Stepping into the sub-tiers, Everstream’s process uncovered that based on those Tier-1 suppliers and the materials they sourced, Tier-2 widened to include 212 different suppliers across the globe. Moving to Tier-3, we discovered 1,766 different suppliers. Drilling down to Tier-4, we found a total of 13,876 different suppliers.  

diagram of supply chain tiers increasing from 29 in Tier 1 to 13,876 in Tier 4

 

This client had strong relationships with their Tier-1 suppliers, but clearly it’s impossible to communicate closely with over 13,000 sub-tier suppliers. And the potential issues that could affect their production grow exponentially with each tier expansion.  

Humans can’t physically track risk potential across 13,876 suppliers, but technology can. Risk analytics can be automated so that the right people receive the right alerts about the most important potential disruptions.  

Humans also can’t manually uncover that vast number of sub-tier suppliers to even begin monitoring them for risk potential. But again, technology can. Everstream’s platform aggregates billions and billions of supply chain transactions and then cross-reference those with industry-specific reference data on manufacturer locations and products. 

The platform then adds graph technology and entity resolution technology to sift through billions of transactions and pull out millions of individual suppliers, their facilities, and their connections to other companies. 

Embed risk into existing platforms 

Everstream combines that intelligence with data our clients already have, ultimately mapping a visual representation of their multi-tier supply chain. And because artificial intelligence and the humans who interpret the results are always learning, the data gets better with each cycle.   

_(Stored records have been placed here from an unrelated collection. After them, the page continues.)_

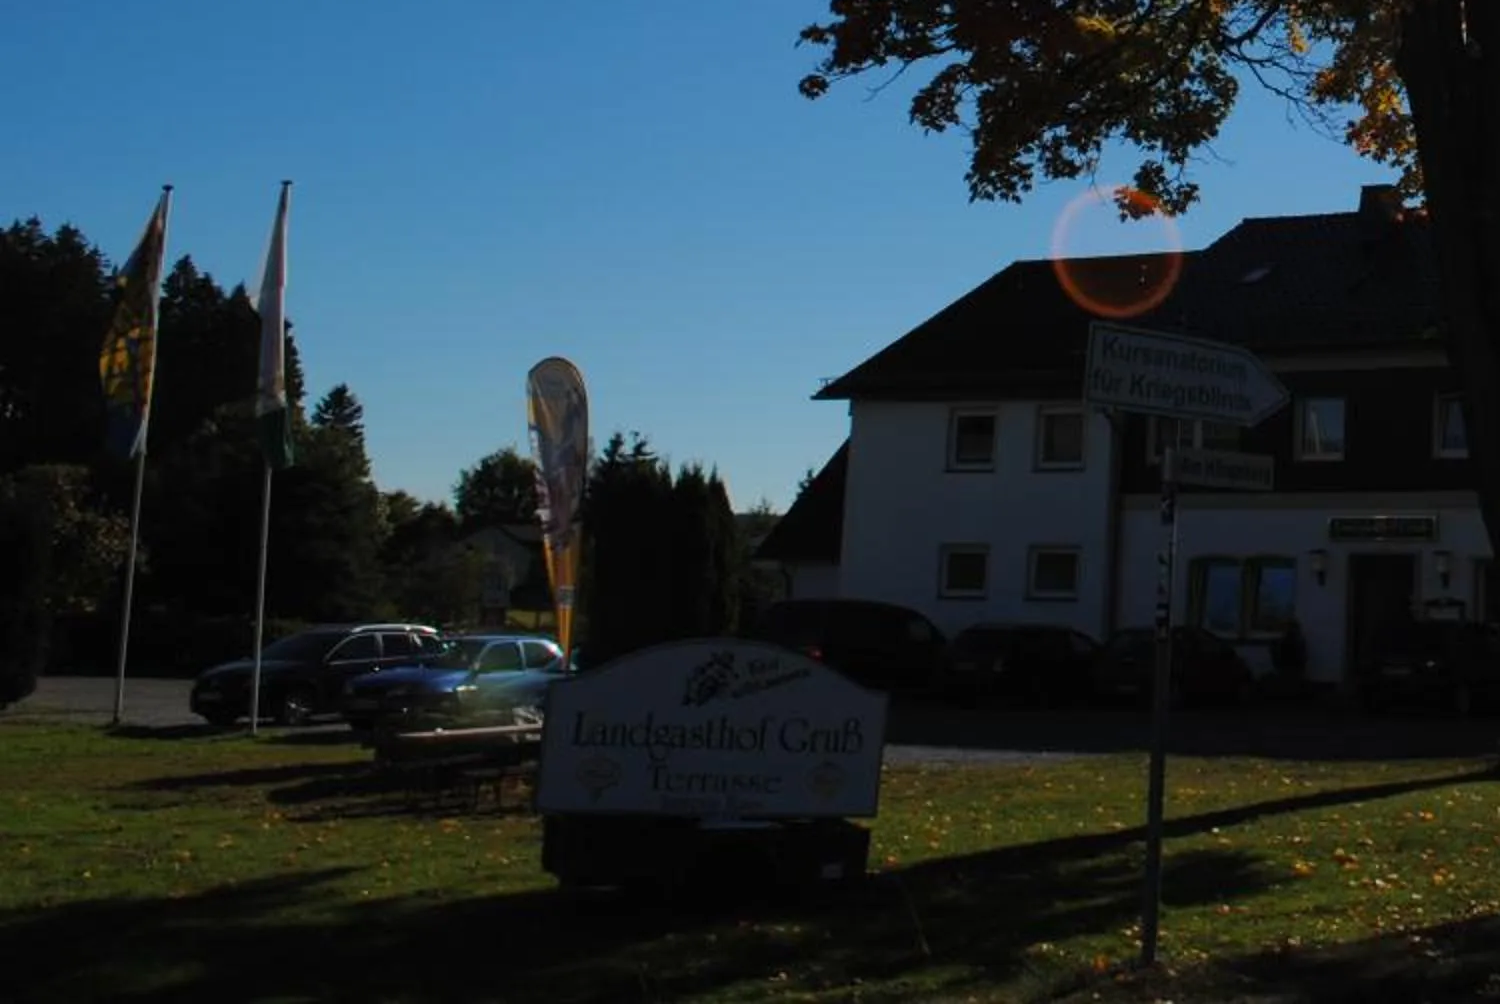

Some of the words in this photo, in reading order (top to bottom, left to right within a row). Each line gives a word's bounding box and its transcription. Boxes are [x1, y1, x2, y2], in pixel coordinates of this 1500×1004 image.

[1101, 335, 1248, 381] Kursanatorium
[1092, 367, 1123, 394] für
[572, 710, 774, 762] Landgasthof
[779, 716, 865, 754] Gruß
[647, 764, 783, 794] Terrasse

A human may not even know what changes to monitor and what questions to ask about those changes. But because a graph shows supplier interdependencies, changes will show up. Say a soda manufacturer suddenly switches from plastic to glass bottles – that will affect multiple industries that aren’t even in the Food and Beverage space.  

When you have that much sub-tier visibility, admittedly you’re going to create a significant amount of noise. The more companies can connect their systems and automate, the easier it is to take noise out of the system and start automating more impactful decisions. 

For example, think about hurricane season. Imagine if you preloaded your expectation in terms of your own finished goods inventory to increase during hurricane season so that you have more buffer. Or you could send that additional demand to your supply base that’s in that region that says during hurricane season we want six weeks or eight weeks instead of 30 days. Imagine that happening automatically based on your risk information coming in and building that buffer to manage that risk.  

Staying dynamic for managing supply chain tiers 

Ultimately, your company is either on the path or not on the path of applying a data science approach to supply chain visibility. Without big data, you cannot have a dynamic view of multi-tier suppliers. 

A dynamic view of risk gives you the data and the insights to share internally and externally for partners to trust that what you say is actionable. If you integrate with the right platforms, the right type of insights and build trust in those insights, it’s a magical thing. We’ve seen that happen with our clients, and it has transformed their supply chains. Multi-tier visibility is just an enormous competitive advantage.